2. Hukuk Dairesi 2015/15545 E. , 2016/7180 K.
"İçtihat Metni"
MAHKEMESİ : Ankara 11. Aile Mahkemesi
DAVA TÜRÜ : Karşılıklı Boşanma
Taraflar arasındaki davanın yapılan muhakemesi sonunda mahalli mahkemece verilen, yukarıda tarihi ve numarası gösterilen hüküm davalı-davacı tarafından, kusur belirlemesi, tazminat ve yoksulluk nafakası taleplerinin reddi yönünden temyiz edilmekle, evrak okunup gereği görüşülüp düşünüldü:
Mahkemece davalı-davacı kadın ağır kusurlu bulunarak boşanma kararı verilmiş ise de; yapılan yargılamaya ve toplanan delillere göre, davalı-davacı kadının eşine “sen orospu çocuğusun, pezevenksin, gavatsın, oh annene nasıl vurdum, sen erkek değilsin, karı kılıklı, etek giy de gez, senin gibi pisliğe ben çocuk verdim” şeklinde ağır hakaretlerde bulunduğu, davacı-davalının kız kardeşi ... evlerine gittiğinde “orospu evden çıkıp gider misin?” dediği, davacının annesine “sen telefonumu niye karıştırıyorsun, yalancısın” dediği yine annesi ve kız kardeşi ..’a “siz orospuluk yapıyorsunuz” dediği, kapıyı yumrukladığı, kayınvalidesini kovduğu, davacı-davalı erkeğin ise, annesinin davalıya şiddet ve hakaretine sessiz kaldığı, eşyalarını alıp birlikte yaşamaktan kaçınmak amacıyla evi terk ettiği, kira sözleşmesini feshettiği, elektrik ve su aboneliklerini iptal ettirmek suretiyle birlik görevlerini yerine getirmediği anlaşılmaktadır.
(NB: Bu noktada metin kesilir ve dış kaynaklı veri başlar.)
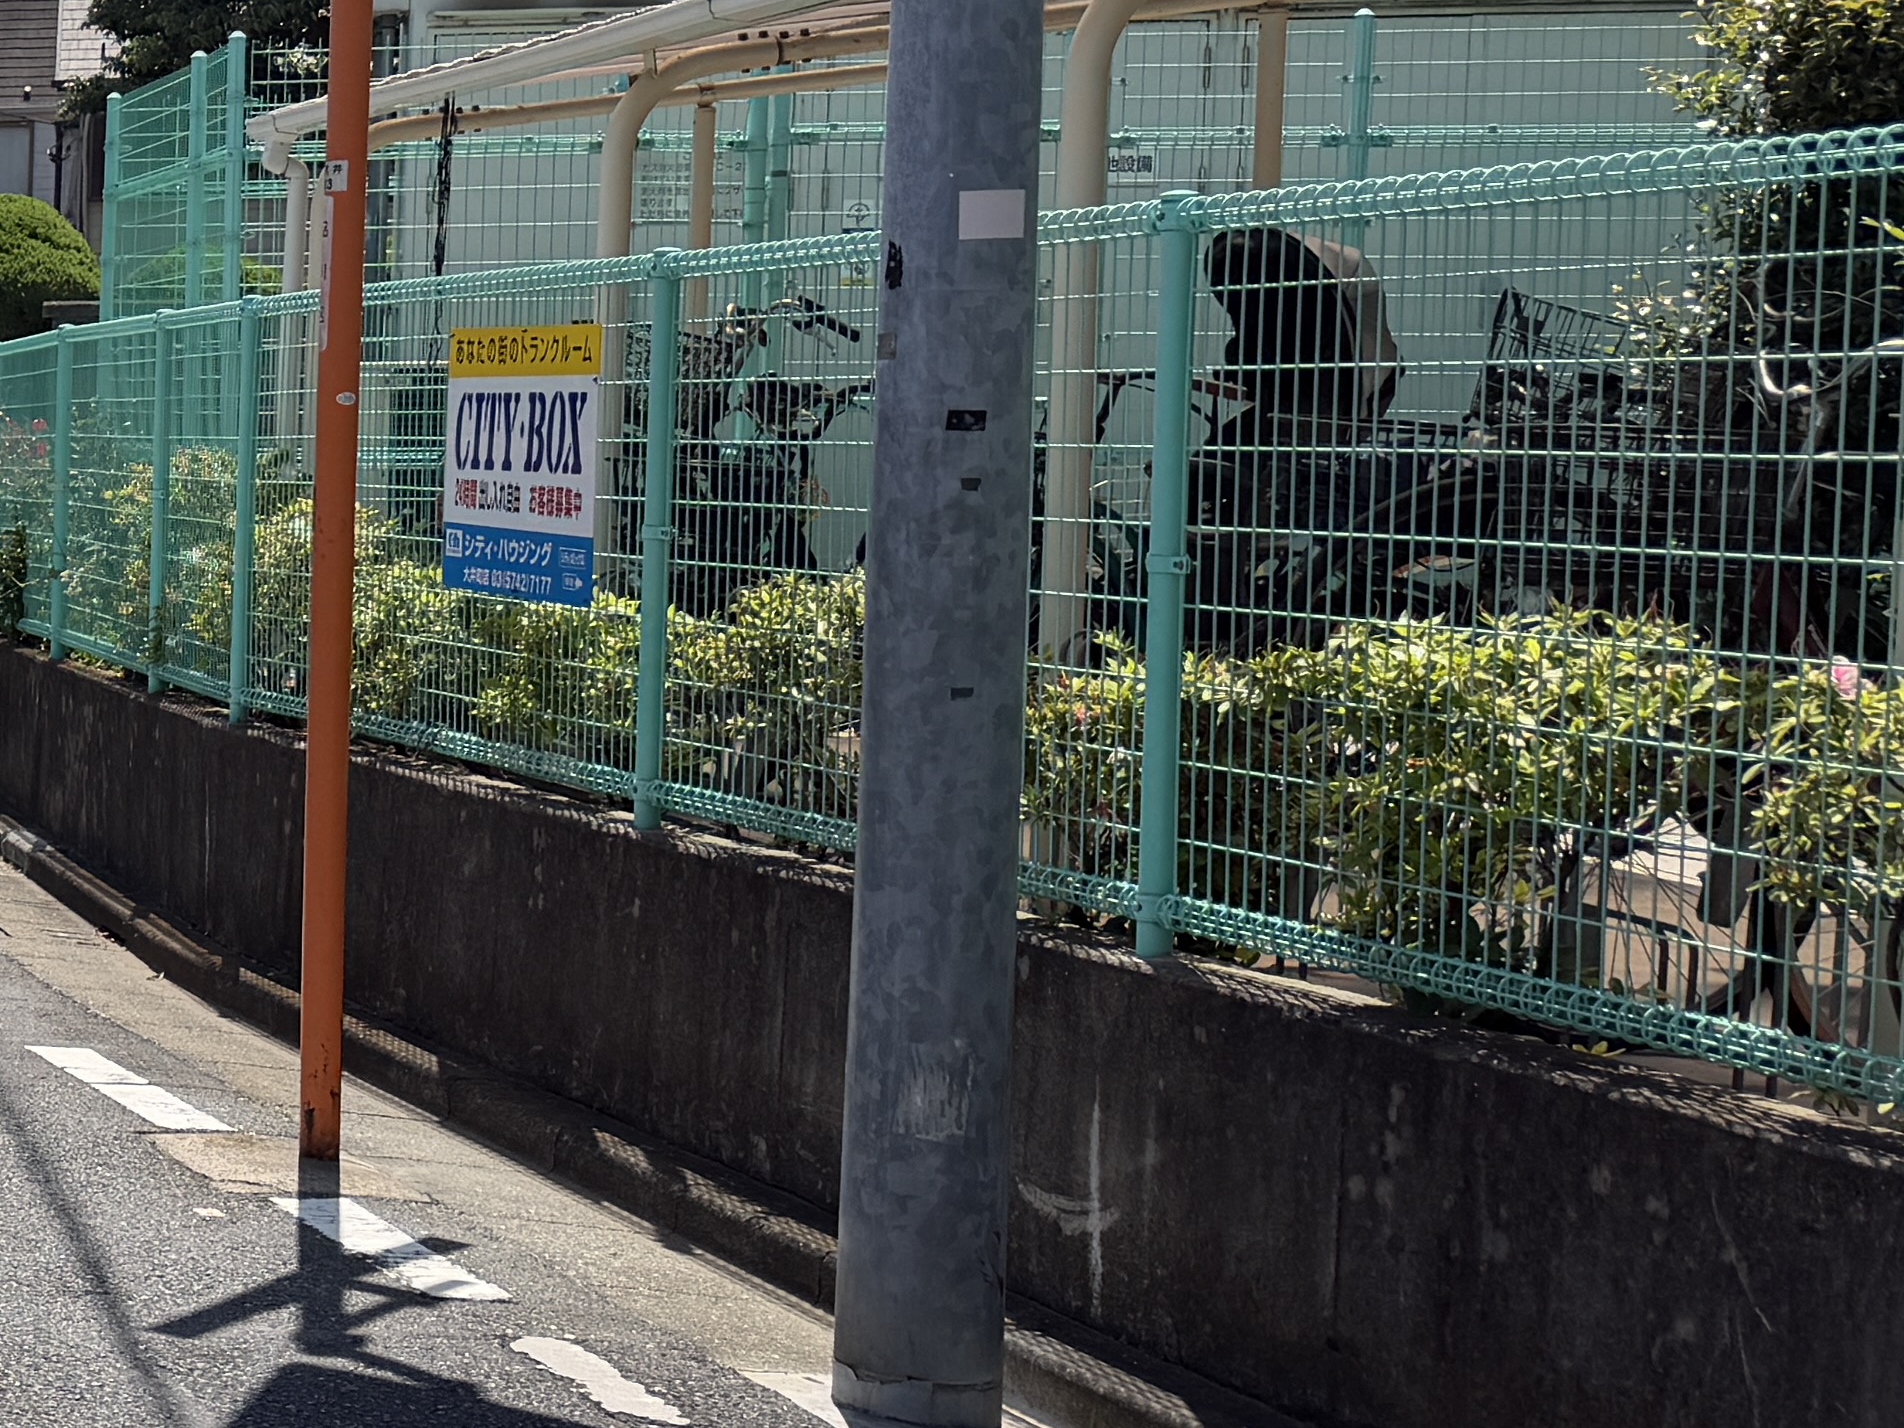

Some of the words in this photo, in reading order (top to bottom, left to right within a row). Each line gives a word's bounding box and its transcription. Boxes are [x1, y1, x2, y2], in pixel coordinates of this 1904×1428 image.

Gerçekleşen olaylara göre taraflar eşit oranda kusurlu olduklarının kabulü gerekir. Bu halde, hükmün kusura ilişkin gerekçesinin açıklanan şekilde düzeltilerek onanmasına karar vermek gerekmiştir. (HUMK m 438/son)
SONUÇ: Temyiz edilen hükmün yukarıda gösterilen sebeple kusura ilişkin gerekçesi düzeltilerek ONANMASINA, temyiz peşin harcının istek halinde yatırana geri verilmesine, işbu kararın tebliğinden itibaren 15 gün içinde karar düzeltme yolu açık olmak üzere oyçokluğuyla karar verildi.11.04.2016(Pzt.)
KARŞI OY YAZISI
Davacı tanık beyanlarında geçen bir kısım olaylardan sonra tarafların barışarak bir araya geldikleri, sayın çoğunluğun bozma kararında geçen "sen orospu çocuğusun, pezevenksin, gavatsın, oh annene nasıl vurdum, sen erkek değilsin, karı kılıklı, etek giy de gez, senin gibi pisliğe ben çocuk verdim” şeklindeki ağır hakaretlerinden sonra evlilik birliğinin devam ettiği, bu nedenle davacı yanca bu vakıaların affedildiği en azından hoşgörüyle karşılandığı anlaşılmaktadır. Yapılan yargılama ve toplanan delilerden tarafların barışmalarından sonra davacı-davalı erkeğin eşini ölümle tehdit ettiği, hakaret edip, aşağıladığı, ortak evin elektrik ve su aboneliklerini kestirdiği, ev sahibine kira sözleşmesinin sona erdiğini söyleyip, eşyalarını alıp evden ayrılarak birlikte yaşamaktan kaçındığı, birlik görevlerini yerine getirmediği, annesinin eşine şiddet uygulamasına ve hakeretlerine sessiz kaldığı, davalı-davacı kadının ise eşine ve kayınvalidesine ağır hakaretlerde bulunduğu, eşinin annesini evden kovduğu anlaşılmaktadır. Gerçekleşen bu vakıalara göre boşanmaya sebebiyet veren olaylarda davacı-davalı erkek, kadına oranla ağır kusurludur. Bu husus gözetilmeden kadının ağır kusurlu olarak kabulü ve bu yanılgılı kusur belirlemesine bağlı olarak maddi ve manevi tazminat (TMK m. 174/1-2) ile yoksulluk nafakası (TMK m. 175) taleplerinin reddi doğru olmadığından sayın çoğunluğun kusur yönünden düzelterek onama görüşüne katılmıyoruz.